Sonic Youth: The EternalTheir latest dozen songs, The Eternal (Matador, 2009) — their first for Matador after a long stint with Geffen — is no exception to the experimentation and consistent limit-pushing. Their sound has always been thick, but the official addition of Marc Ibold (ex-Pavement, Free Kitten), who’s toured with them for the past few years, adds yet another layer, and legendary producer John Agnello (Jawbox, Fugazi, et al.) assisted them in the studio this time. It’s not all walls though. “Antenna” is alternately mellow and melodic, sparse and jagged, driving and droney. “Thunderclap for Bobby Pyn” indulges Thurston’s punk fetishes before devolving into his signature screech. His and Kim’s disembodied vocals on “Anti-Orgasm” also hearken back to earlier, less tuneful times. Other songs, “Leaky Lifeboat (For Gregory Corso)” and “Calming the Snake” for instance, recall “Candle” and “Kissability,” respectively, from Daydream Nation (Blast First, 1988). The Eternal (named after the Joy Division song?) is not the full-on energetic onslaught of that record or 2006’s Rather Ripped, but it does prove that Sonic Youth is still ripe with noisily good ideas.

Sonic Youth: Sleeping Nights Awake

Named after a line from the Sonic Youth song “Tom Violence” from EVOL (Blast First, 1986), Sleeping Nights Awake is a documentary/concert film crowdsourced to a group of Reno high school students through the non-profit Project Moonshine. Ali Alonso, Noah Conrath, Danielle Hauser, Charlie Hayes, Ben Kolton, Allana Noyes, and Nathan Lower were given three digital video cameras (Panasonic AG-DVC30s), training, and told to film the event. They ended up with ten songs from the July 4th, 2006 show in Reno and plenty of backstage, pre- and post-show banter from the band.

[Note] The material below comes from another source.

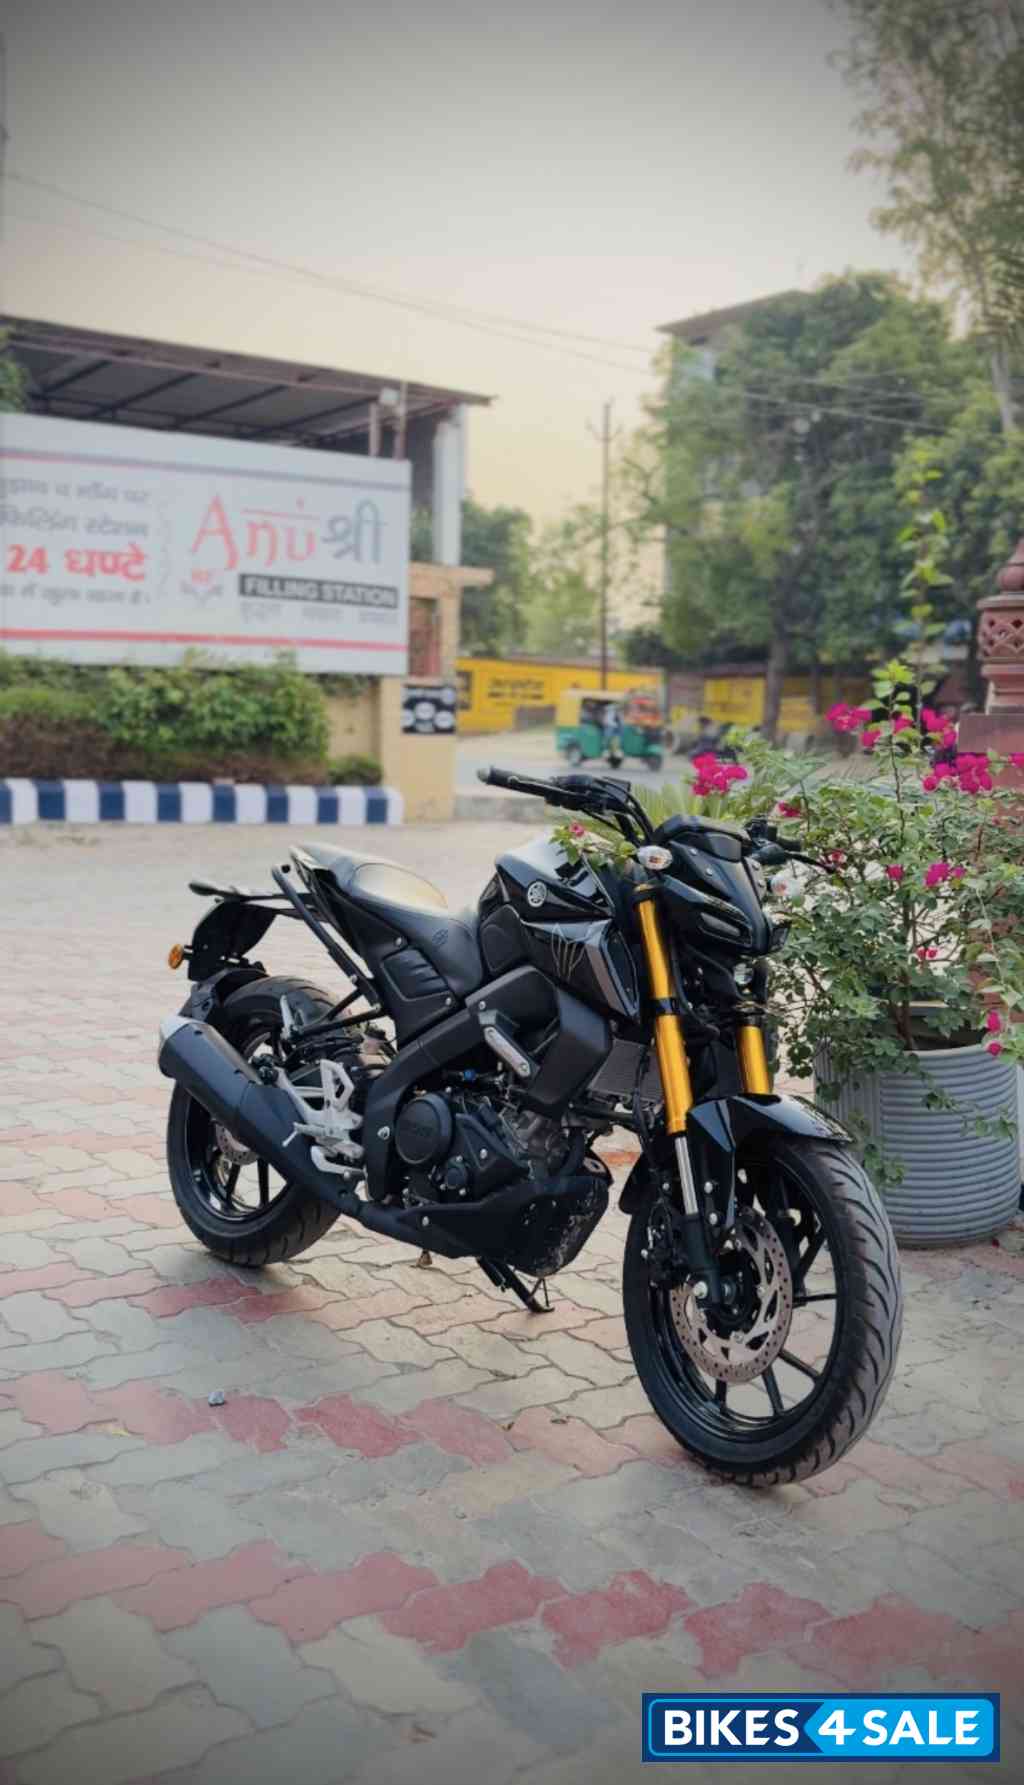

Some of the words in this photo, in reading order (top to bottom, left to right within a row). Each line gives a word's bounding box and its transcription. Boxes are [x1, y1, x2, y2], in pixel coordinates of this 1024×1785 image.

[6, 543, 50, 576] 24
[245, 576, 319, 599] FILLING
[322, 583, 396, 605] STATION

The students shot fifteen hours of black-and-white footage, and Project Moonshine founder Michael Albright edited it into the 86-minute Sleeping Nights Awake. I caught it at The Alamo Drafthouse in downtown Austin, Texas, and the results are stunning, if a bit unevenly paced. The ten songs captured are separated by backstage chatter, stalling the film’s momentum each time it really gets rolling. Chunking the songs and the candid bits more might have solved this minor flaw. Otherwise, the film is raw like a Sonic Youth film should be and beautiful like much of the noise they make. It also humanizes the members in a way that’s never been done. Even the New Kid Marc Ibold, and drummer Steve Shelley, who’s on camera backstage for a grand total of about five seconds, come across as personable members of the Sonic Youth family. None of that is to say that the members of Sonic Youth ever seemed inhuman, aforementioned “disembodied vocals” notwithstanding. It is to say that Sleeping Nights Awake does a damn good job of showing their many dimensions.

So, Sonic Youth might be ironically monikered these days, but their age doesn’t show in the youthful energy of their music and experimentation — shown in spades on The Eternal and Sleeping Nights Awake.